O Senhor dos Aneis - Filmes da minha vida por Sir Frankie Goethe Wally Wood

Díficil desafio o de transpor para cinema a ímpar obra de Tolkien: é grande (também no sentido de volumosa), complexa (muitos lugares e personagens) e plena de prodígios (esta parte, hoje, com os efeitos especiais e seus especialistas, torna-se um impecilho pelas razões opostas às do passado: usa-se e abusa-se deste recurso, esquecendo muitas vezes que ele é um meio e não um fim em si mesmo).
Vou ser sincero: gostei, apesar de tudo, do filme. É certo que diante de tão colossal obra literária, havia que fazer opções de forma a não violentar o formato filme, de contrário, nem 24 horas consecutivas de filme narrariam todas as peripécias registadas na trilogia. Ainda assim, o filme saiu longo mas creio que o essencial da obra estava lá.
Preciosos (além do Anel) nesta obra, são o imaginário (bem conseguido no filme, quanto a mim, tanto nos cenários quanto na caracterização das personagens), a teia narrativa e as constantes alusões à Natureza do Mal Absoluto (isto é, a incomensurável vontade de domínio sobre a Natureza e as criaturas que dela fazem parte).
Talvez não por acaso escrita nos anos de chumbo da ascensão nazi, o autor sempre se recusou a estabelecer paralelos com a realidade mas tenho para mim que é impossível que ele próprio não tenha visto essas relações ou que pelo menos elas não tenham influenciado a sua obra.
Na verdade, «o Senhor dos Anéis» é uma epopeia que transcende a realidade específica de uma época e por isso bem fez  Tolkien em não a «empobrecer», colaborando numa identificação excessiva com a pesada realidade do seu tempo.
Reflexão quase metafísica sobre a natureza humana (porque além dos humanos propriamente ditos, os Hobbits, os Gigantes, os Elfos, os Orcs, os Trolls têm atributos tão humanos que não precisamos de um «tradutor emocional» para compreendermos as motivações de cada um deles), o primeiro golpe de genialidade da trilogia é colocar no centro da acção um objecto minúsculo e aparentemente insignificante (o Anel nº 1 de Sauron), símbolo de poder e poder efectivo, pelos prodígios que permite ao seu possuidor. 
Trata-se de um anel com vontade própria (reunir-se ao seu Senhor) que coloca, em quem o usa, uma extrema dependência , com muitas analogias às chamadas drogas duras (heroína, cocaína e...Poder precisamente, que é uma das mais duras drogas que alguém pode experimentar, com a vantagem de não estar ilegalizado).

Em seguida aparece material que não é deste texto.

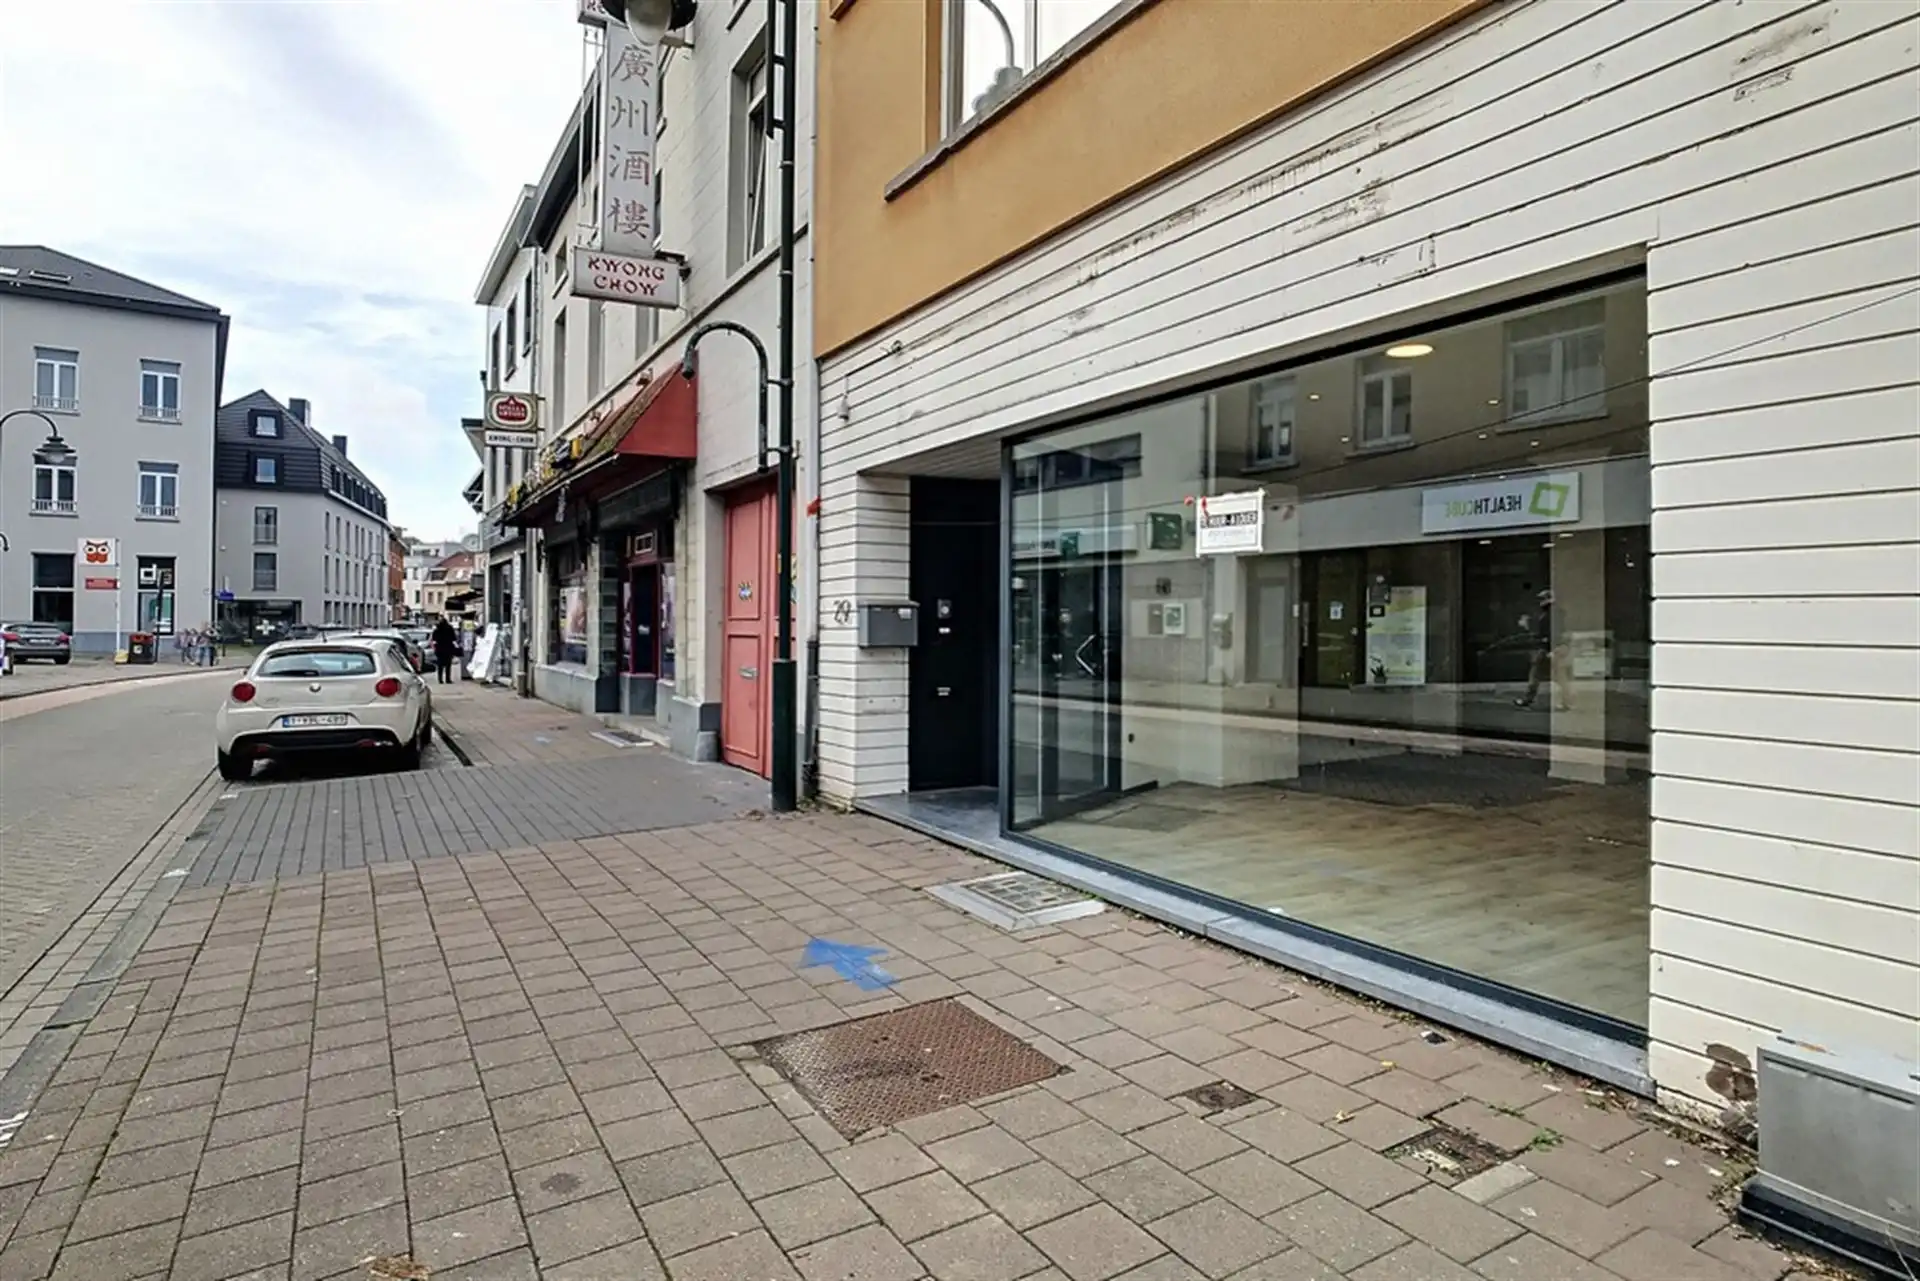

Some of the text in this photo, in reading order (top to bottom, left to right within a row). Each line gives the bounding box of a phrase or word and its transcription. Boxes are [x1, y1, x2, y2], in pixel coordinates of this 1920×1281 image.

[608, 44, 653, 239] 廣州酒樓
[588, 255, 665, 282] KWONG
[594, 275, 659, 297] CHOW
[833, 600, 852, 625] 29

Portanto, a necessidade imperiosa de possuir o Anel é enganadora porque, em última instância, é o Anel que possui quem o usa. Com a agravante de (tal como acontece com qualquer viciado), ser tão mais difícil ao «possuído» realizar a sua condição de servo, quanto mais tempo tenha ele estado sob o seu domínio e efeito. 
E o estigma é de tal ordem que mesmo já não estando sob o seu efeito directo, o uso do Anel deixou sequelas para toda a vida (compreende-se agora melhor, creio, o paralelo que faço com substâncias psicotrópicas e com o Poder).

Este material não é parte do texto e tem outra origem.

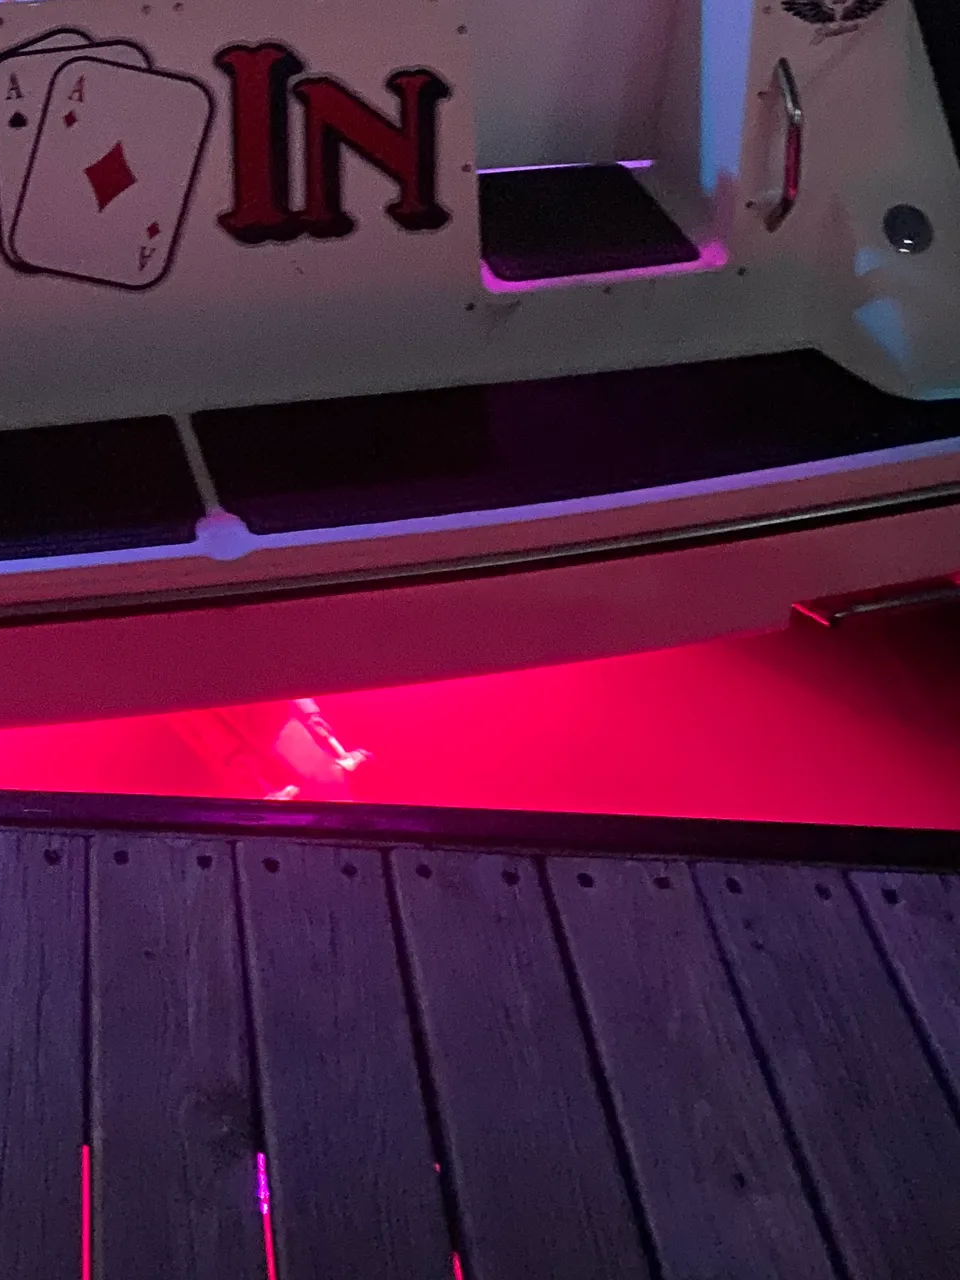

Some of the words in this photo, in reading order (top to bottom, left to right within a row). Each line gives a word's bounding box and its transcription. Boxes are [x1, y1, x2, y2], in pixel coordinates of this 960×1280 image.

[4, 72, 25, 101] A
[66, 73, 86, 104] A
[214, 42, 451, 243] IN
[138, 244, 157, 272] A
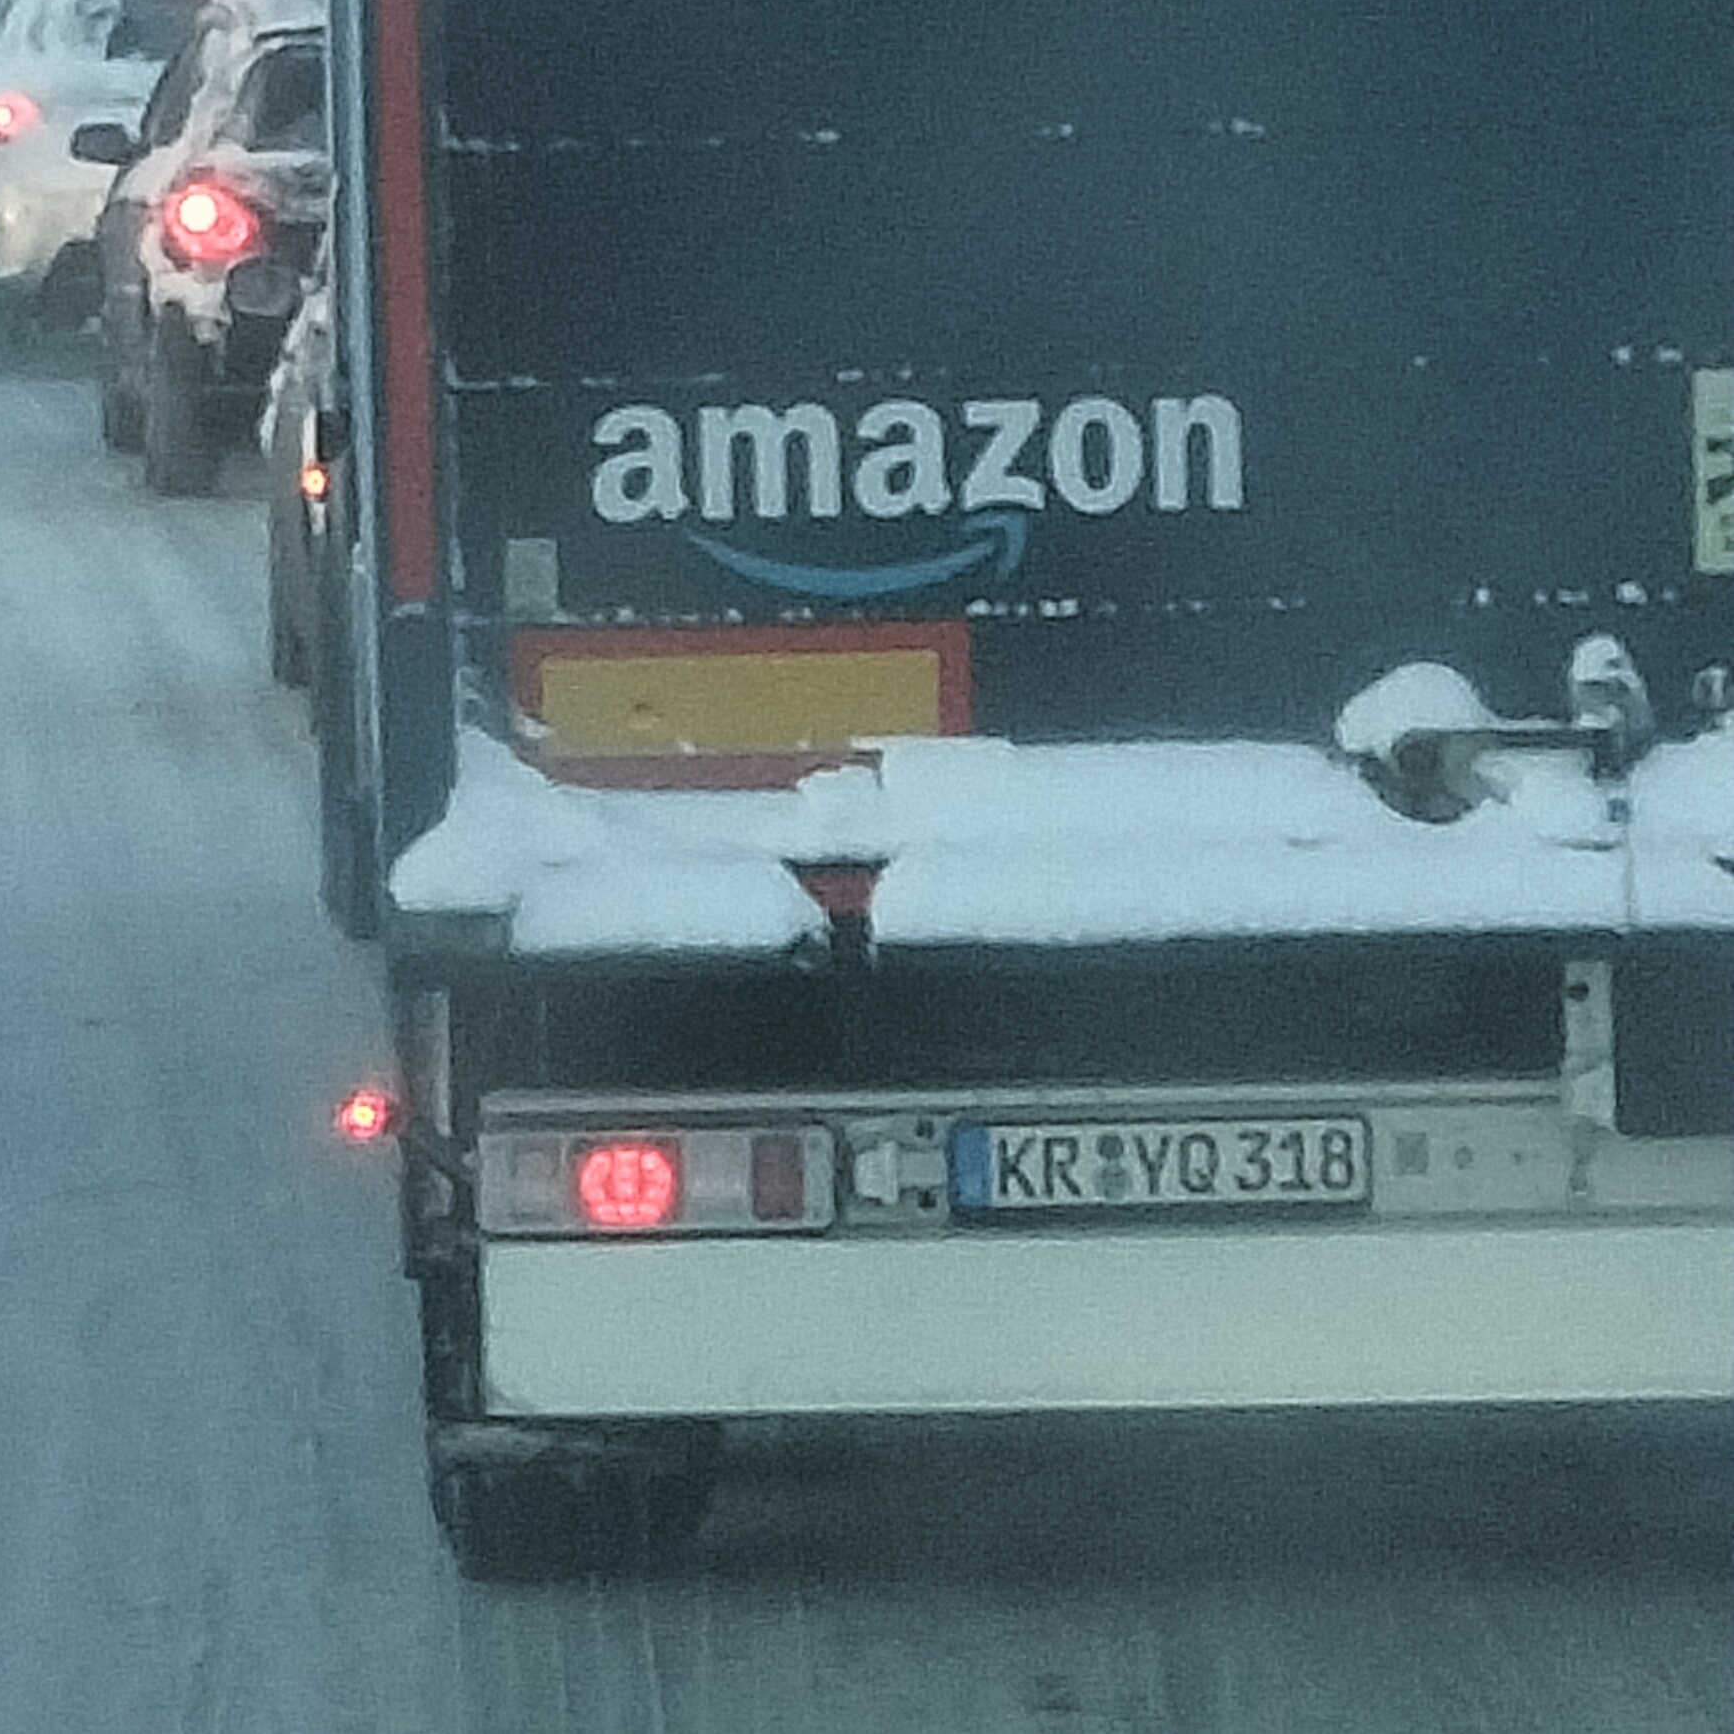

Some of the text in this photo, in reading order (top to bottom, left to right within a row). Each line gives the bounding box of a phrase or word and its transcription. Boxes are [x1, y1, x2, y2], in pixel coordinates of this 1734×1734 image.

Mas o grande fascínio de «o Senhor dos Anéis» não se esgota aqui: embora estejamos sempre em presença do Mal absoluto, encarnado por Sauron e pelos seus anéis e servidores, as personagens principais estão longe de representarem, por antítese, o Bem Absoluto: fracos e corruptíveis, os que lutam contra o poder das Trevas também sentem o seu apelo: Saruman, o feiticeiro acaba mesmo a servi-lo e Gandhalf, embora não ceda a tais impulsos, tem os seus acessos de ira e de impiedade para com os inimigos, quando não mesmo com amigos. Frodo, o pequeno Hobbit que carrega o fardo do Anel,  vive momentos de total submissão ao objecto e mesmo Golem, uma das mais repugnantes personagens do livro, acaba por ter um papel fulcral na vitória do Bem, ao despenhar-se no vulcão com o anel que nunca deixara de tentar recuperar. 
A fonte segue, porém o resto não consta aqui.